Lomé, 17 juin (ATOP) – La session ministérielle de la Convention et expositions africaines du transport aérien a approuvé, le mardi 16 juin à Lomé, la déclaration de politique ministérielle, dite « Déclaration de Lomé », pour marquer la fin de deux jours de discussions de haut niveau sur les défis et l’avenir du transport aérien en Afrique.
La déclaration est centrée sur le Marché unique du transport aérien africain (MUTAA), qui demeure l’un des projets phares de l’Agenda 2063 de l’Union africaine. Ce marché est un instrument stratégique aérien unifié, libéralisé, compétitif, sûr, sécurisé et durable. La déclaration porte la promesse d’une meilleure connectivité entre les pays, d’un accès élargi au transport aérien, d’un soutien concret au commerce et au tourisme, et d’un renforcement des chaînes de valeur régionales. Le MUTAA est un complément naturel indispensable de la Zone de libre-échange continentale africaine (ZLECAf).
D’après cette déclaration, les ministres, chefs de délégations, représentants de gouvernements des États membres de l’Union africaine (UA), des régulateurs, des compagnies aériennes, des gestionnaires d’aéroports, des investisseurs, des institutions de développement et des partenaires internationaux ont décidé de « passer de l’engagement renouvelé à la mise en œuvre effective ». Elle vise non seulement à renouveler les engagements pris mais aussi à accélérer leur mise en œuvre face aux restrictions d’accès au marché, aux questions de coûts élevés et de facilitations, aux goulots d’étranglement, aux déficits en matière de réglementation et aux contraintes financières que connait le secteur du transport aérien.
La déclaration stipule que la transformation du transport aérien africain doit désormais faire passer le MUTAA du stade de l’engagement politique à celui de la réalité opérationnelle, en rendant la connectivité aérienne plus accessible, abordable et compétitive, en mettant le transport aérien au service utile de l’Afrique à travers le fret, les corridors logistiques et les chaînes de valeur liées à la ZLECAf, et en bâtissant un écosystème aérien africain plus solide et plus durable, fondé sur les efforts futurs, les compétences, les systèmes numériques, la réglementation et la résilience.
La déclaration de Lomé évoque, entre autres, la réduction des coûts, la fluidité de la mobilité, la durabilité, l’innovation, le capital, et la sécurité.

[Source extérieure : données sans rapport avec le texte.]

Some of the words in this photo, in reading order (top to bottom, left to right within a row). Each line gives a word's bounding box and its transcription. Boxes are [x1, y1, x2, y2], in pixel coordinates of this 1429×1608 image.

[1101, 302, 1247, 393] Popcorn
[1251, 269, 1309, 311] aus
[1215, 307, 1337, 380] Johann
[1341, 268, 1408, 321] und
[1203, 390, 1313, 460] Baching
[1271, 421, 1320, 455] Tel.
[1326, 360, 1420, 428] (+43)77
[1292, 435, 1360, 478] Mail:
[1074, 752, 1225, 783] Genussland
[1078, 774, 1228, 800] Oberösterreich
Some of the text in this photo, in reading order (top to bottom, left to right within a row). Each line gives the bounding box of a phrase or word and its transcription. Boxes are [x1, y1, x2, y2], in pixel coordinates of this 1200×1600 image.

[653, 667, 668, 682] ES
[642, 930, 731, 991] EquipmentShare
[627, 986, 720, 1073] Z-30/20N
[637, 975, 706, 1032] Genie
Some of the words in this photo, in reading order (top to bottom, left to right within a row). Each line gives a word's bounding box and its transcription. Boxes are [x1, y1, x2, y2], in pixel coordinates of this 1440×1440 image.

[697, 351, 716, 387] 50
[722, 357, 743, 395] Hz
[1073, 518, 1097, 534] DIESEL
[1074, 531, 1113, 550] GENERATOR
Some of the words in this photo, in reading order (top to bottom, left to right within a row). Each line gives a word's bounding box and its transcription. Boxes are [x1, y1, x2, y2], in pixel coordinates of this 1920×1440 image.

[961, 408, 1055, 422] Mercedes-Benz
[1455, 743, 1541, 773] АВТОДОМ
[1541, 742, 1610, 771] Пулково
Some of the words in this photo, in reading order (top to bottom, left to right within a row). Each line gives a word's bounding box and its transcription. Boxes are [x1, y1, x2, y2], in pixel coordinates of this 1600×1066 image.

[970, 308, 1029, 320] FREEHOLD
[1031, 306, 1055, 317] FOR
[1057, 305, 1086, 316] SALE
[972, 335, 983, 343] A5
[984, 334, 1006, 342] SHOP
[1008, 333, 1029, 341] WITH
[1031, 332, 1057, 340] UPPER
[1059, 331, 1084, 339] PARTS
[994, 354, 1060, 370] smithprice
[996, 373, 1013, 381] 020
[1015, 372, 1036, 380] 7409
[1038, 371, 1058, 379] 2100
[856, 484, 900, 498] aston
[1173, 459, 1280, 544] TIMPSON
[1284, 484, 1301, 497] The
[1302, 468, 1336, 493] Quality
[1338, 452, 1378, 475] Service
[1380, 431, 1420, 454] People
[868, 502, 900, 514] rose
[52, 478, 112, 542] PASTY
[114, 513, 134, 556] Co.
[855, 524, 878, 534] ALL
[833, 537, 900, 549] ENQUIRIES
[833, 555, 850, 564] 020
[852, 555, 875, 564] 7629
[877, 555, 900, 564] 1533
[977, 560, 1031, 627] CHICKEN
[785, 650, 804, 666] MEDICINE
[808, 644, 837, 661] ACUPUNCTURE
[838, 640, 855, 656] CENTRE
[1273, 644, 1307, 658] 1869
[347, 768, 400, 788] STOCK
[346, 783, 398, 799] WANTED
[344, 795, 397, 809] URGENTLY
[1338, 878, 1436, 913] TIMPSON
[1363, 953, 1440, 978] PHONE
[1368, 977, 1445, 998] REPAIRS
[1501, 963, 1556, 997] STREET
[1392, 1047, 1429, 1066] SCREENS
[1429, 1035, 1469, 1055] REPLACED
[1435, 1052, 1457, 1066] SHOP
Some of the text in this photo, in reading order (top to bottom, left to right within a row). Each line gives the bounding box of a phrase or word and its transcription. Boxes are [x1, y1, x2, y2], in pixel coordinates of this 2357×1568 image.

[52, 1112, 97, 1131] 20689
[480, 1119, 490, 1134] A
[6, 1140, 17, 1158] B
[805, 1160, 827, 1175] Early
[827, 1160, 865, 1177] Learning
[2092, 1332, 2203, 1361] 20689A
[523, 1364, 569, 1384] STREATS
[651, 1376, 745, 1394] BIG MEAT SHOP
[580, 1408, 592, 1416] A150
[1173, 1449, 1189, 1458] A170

Pour le ministre des Transports, du Développement des Pistes rurales, Komlan Loukou-Kadjé, cette déclaration est une « promesse d’une meilleure connectivité entre nos pays, d’un accès élargi au transport aérien, d’un soutien concret au commerce et au tourisme, et d’un renforcement des chaînes de valeur régionales ». Pour la transformer en actions concrètes, dit-il, trois engagements sont nécessaires. L’engagement collectif à accélérer la mise en œuvre du MUTAA, le lancement de solidarité pour la Commission africaine de l’aviation civile (CAFAC) pour la période 2026-2028 ainsi que le renforcement de la CAFAC et la consolidation de son financement.